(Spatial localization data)
-=-=-=-=-

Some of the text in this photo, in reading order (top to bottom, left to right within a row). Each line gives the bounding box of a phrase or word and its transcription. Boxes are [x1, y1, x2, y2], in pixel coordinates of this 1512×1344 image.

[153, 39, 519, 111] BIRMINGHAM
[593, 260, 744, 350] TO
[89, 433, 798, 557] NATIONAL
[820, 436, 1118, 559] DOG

-=-=-=-=-

▶ [INSTRUCTIONS TO FOLLOW]
All records must be transcribed exactly, with none left out.

▶ [EXERCISE ANSWER]
Some of the text in this photo, in reading order (top to bottom, left to right within a row). Each line gives the bounding box of a phrase or word and its transcription. Boxes are [x1, y1, x2, y2], in pixel coordinates of this 1512×1344 image.

[153, 39, 519, 111] BIRMINGHAM
[593, 260, 744, 350] TO
[89, 433, 798, 557] NATIONAL
[820, 436, 1118, 559] DOG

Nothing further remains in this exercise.